Commitment readiness is not just wanting a relationship (although that is part of it), it’s both desiring a relationship and feeling ready to commit to someone (Agnew et al., 2019).

Not Everyone Is “Ready” for a Relationship

It makes sense that for some people, commitment readiness might emerge in late adolescence or early adulthood, but even so, there’s variability in that pattern. Think back to the people you knew in high school or college. Some people are slow to show romantic interest or to respond to others’ interest when a long-term relationship could be possible. Other people are ahead of their peers and confidently step into long-term relationships.

But just because you were once ready for a relationship, doesn’t necessarily mean you still are.

Think about it: a newly single adult may be heartbroken and have no interest in being vulnerable again any time soon. For them, moving past the prior relationship is a time-dependent process that they can’t rush. Other adults are career-driven and will pursue a relationship later; while still others might be caregivers with no mental energy left to devote to someone else. There is no one trajectory that captures everyone’s commitment readiness over time.

Friends Are Well-Positioned to Know Your Relationship Readiness

If you’re wondering about your own commitment readiness, your friends might have the insight you need. Indeed, a strong body of evidence suggests that, for better or worse, friends are involved in our love lives, observing, judging, and influencing at all stages. For example:

  • Friends make it easier (or harder) for us to meet people (Ackerman & Kenrick, 2009)
  • Friends give unsolicited relationship advice (Feng & Megan, 2016)
  • Friends judge our relationships (Sprecher, 2011)
  • Friends react to what happens in our relationships (Thompson et al., 2019)
  • If friends view our relationships negatively, they will act on those judgments (Sprecher, 2011)

If friends play a role in the stability of an ongoing relationship, they certainly are well-positioned to know what might suit us best at this particular time in our lives, be it singlehood, short-term flings, or a long-time relationship. Sometimes it takes a friend to see what we can’t; this could include commitment readiness.

Friends Are Good at Judging Each Other’s Commitment Readiness

Do friends have insight into each other’s commitment readiness? New research queried 193 groups of friends, four friends each (i.e., 772 participants), about their own and their friends’ commitment readiness (Yang et al., 2025). The researchers’ analytic approach, which relied on social relations modeling, allowed them to unpack social judgments, separating assimilation (how an individual tends to rate all individuals), from consensus (how everyone sees one person), and, critically, from uniqueness (how an individual is viewed above and beyond judgment tendencies and consensus).

It turns out that your friends likely have an opinion about whether you’d do well in a committed relationship. Further, it’s probably a shared opinion among friends (Yang et al. 2025). Indeed, evidence showed good consensus among friends about any particular individual’s commitment readiness. Interestingly, a comparison between self-and-other ratings showed that people tend to think that they are more ready for a committed relationship than their friends think, even if there was general correspondence between self-and-other ratings.
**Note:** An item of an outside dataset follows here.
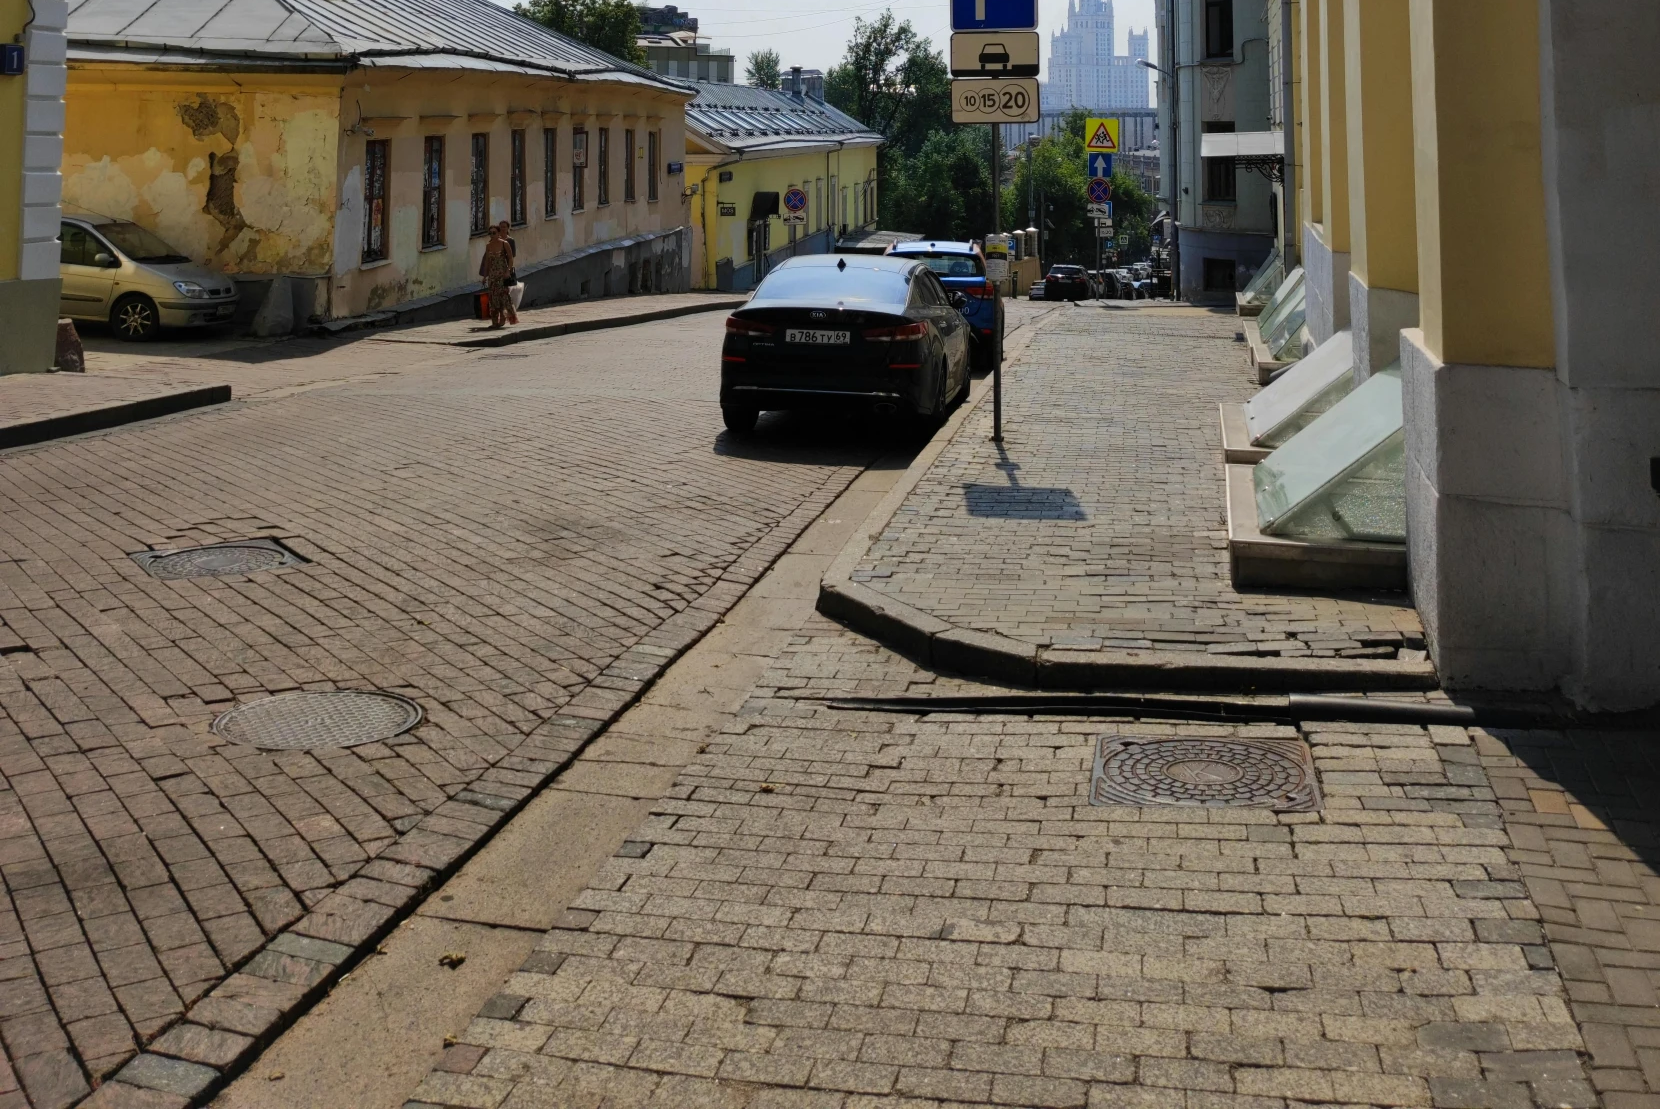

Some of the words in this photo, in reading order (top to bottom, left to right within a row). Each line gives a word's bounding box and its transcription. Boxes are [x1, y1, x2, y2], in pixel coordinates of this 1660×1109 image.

Seeing a Friend’s Readiness May Help Them Find a Relationship

A key takeaway from this research is that your friends probably know, and probably agree on, whether you’re commitment-ready. Why? Well, friends see us in many contexts. They know how we act when we are stressed and how we approach risk-taking. They see us make serious decisions and they see how we negotiate interpersonal conflicts. They witness when we’re likely to be vulnerable, they hear us talk about life goals, and they have insight into our emotional maturity. In other words, by knowing us, they also develop a sense of our relationship readiness.

Relationships Essential Reads

It could be good news if your friends see you’re ready for a relationship. In fact, their knowing might help you actually enter one. Friends play an active role in creating opportunities for each other to enter relationships (Ackerman & Kenrick, 2009; Sprecher, 2011).

Note that, if anything, friends might underestimate your own sense of commitment readiness, as suggested by self-assessments (Yang et al., 2025). This suggests that if you really feel ready, make sure your friends don’t underestimate your readiness. If they know, they might be able to help.